A latest interview with LIU Zhuang from Princeton University attracted 100,000 views: Architecture isn't that important; data is the king.

The citation count exceeds 100,000 times. An alumnus of Tsinghua University's Yao Class, the author of papers such as ConvNeXt, ImageBind, and "Transformers Without Normalization" —

Zhuang Liu, an assistant professor at Princeton University, is a rather special figure in the academic circle. Almost every one of his papers questions some "taken - for - granted" assumptions.

Is the architecture really important? Is the dataset truly diverse enough? Is the normalization layer necessary? Do large language models have a world model? Can AI agents replace doctoral students?

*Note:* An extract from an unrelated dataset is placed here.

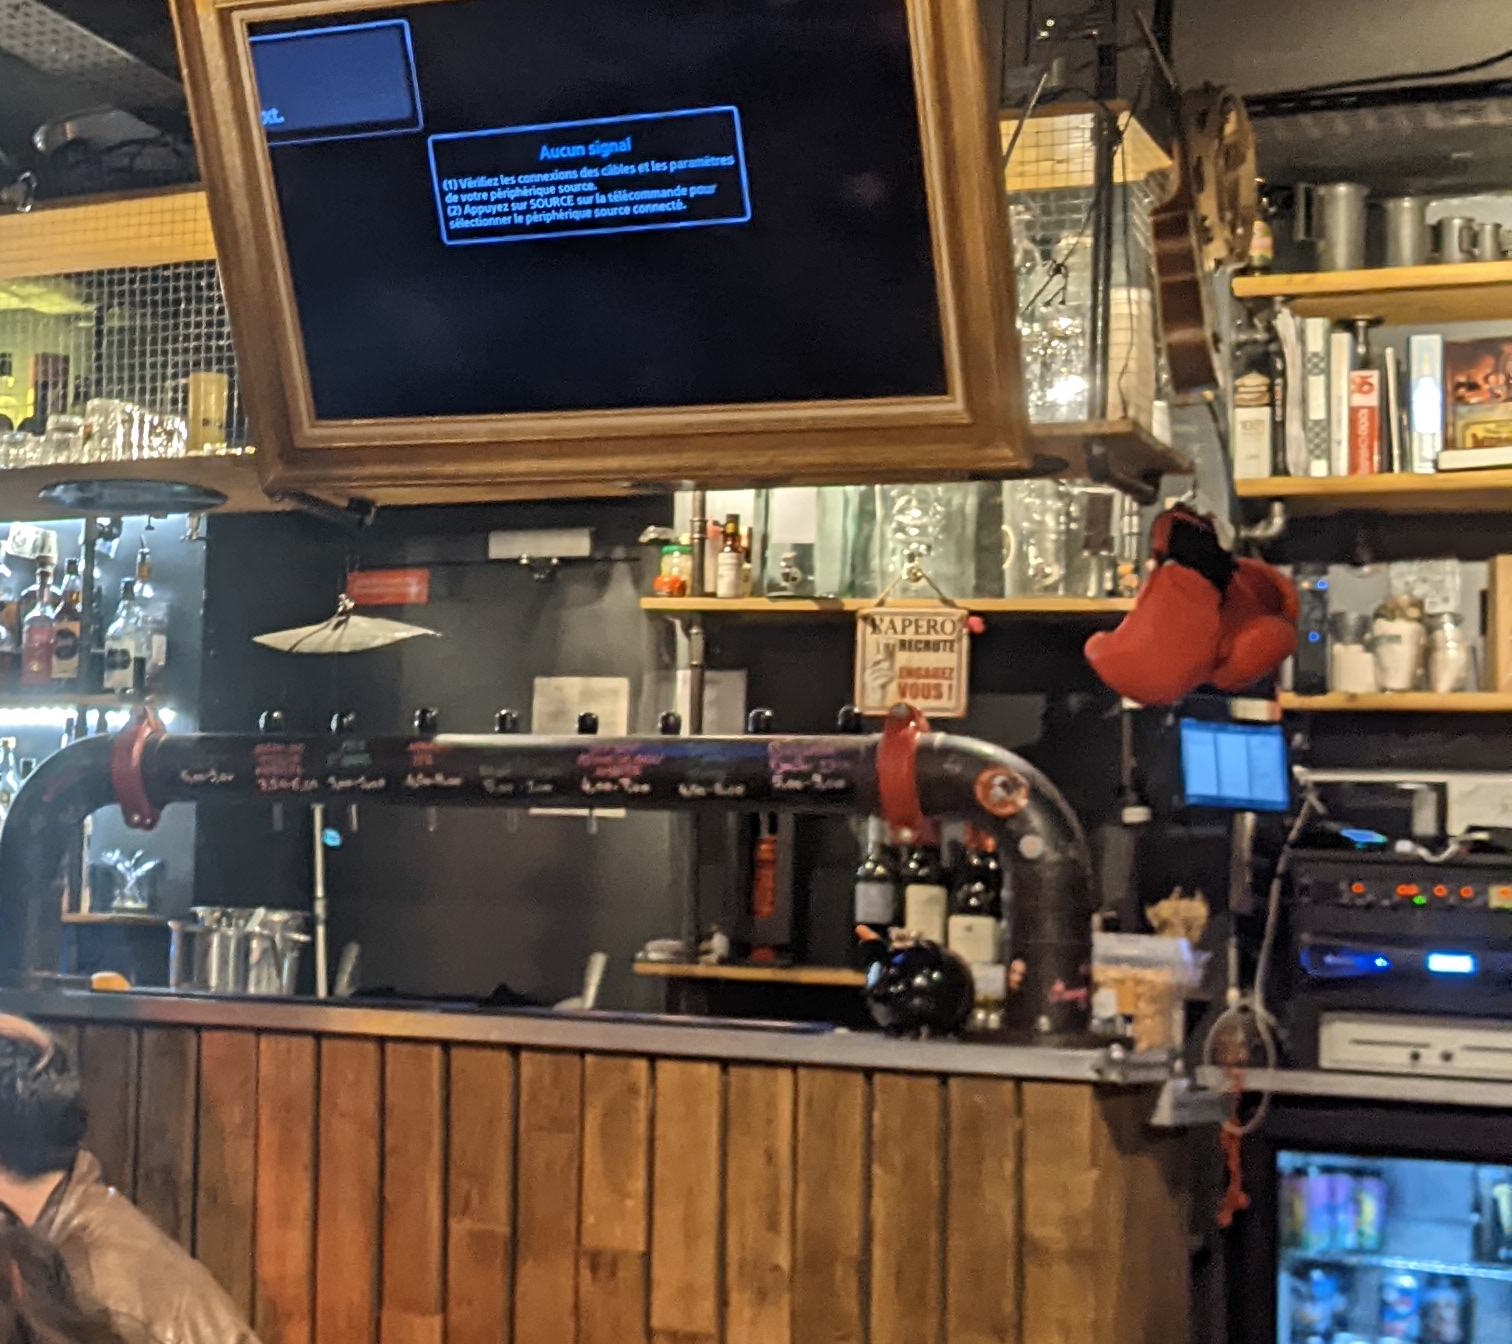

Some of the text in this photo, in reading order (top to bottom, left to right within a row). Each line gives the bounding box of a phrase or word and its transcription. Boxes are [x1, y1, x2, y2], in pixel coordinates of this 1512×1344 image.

In the latest podcast of "The Information Bottleneck", Zhuang Liu had a conversation with hosts Ravid Shwartz - Ziv and Allen Roush that lasted for more than an hour, answering these questions.

Zhuang Liu gave several core judgments (TL;DR version):

1. The choice of architecture is not as important as you think.

As long as you get the four basic elements right: residual connections, self - attention, normalization layers, and linear layers, whether you use ConvNet or Transformer, you will ultimately end up on the same performance curve.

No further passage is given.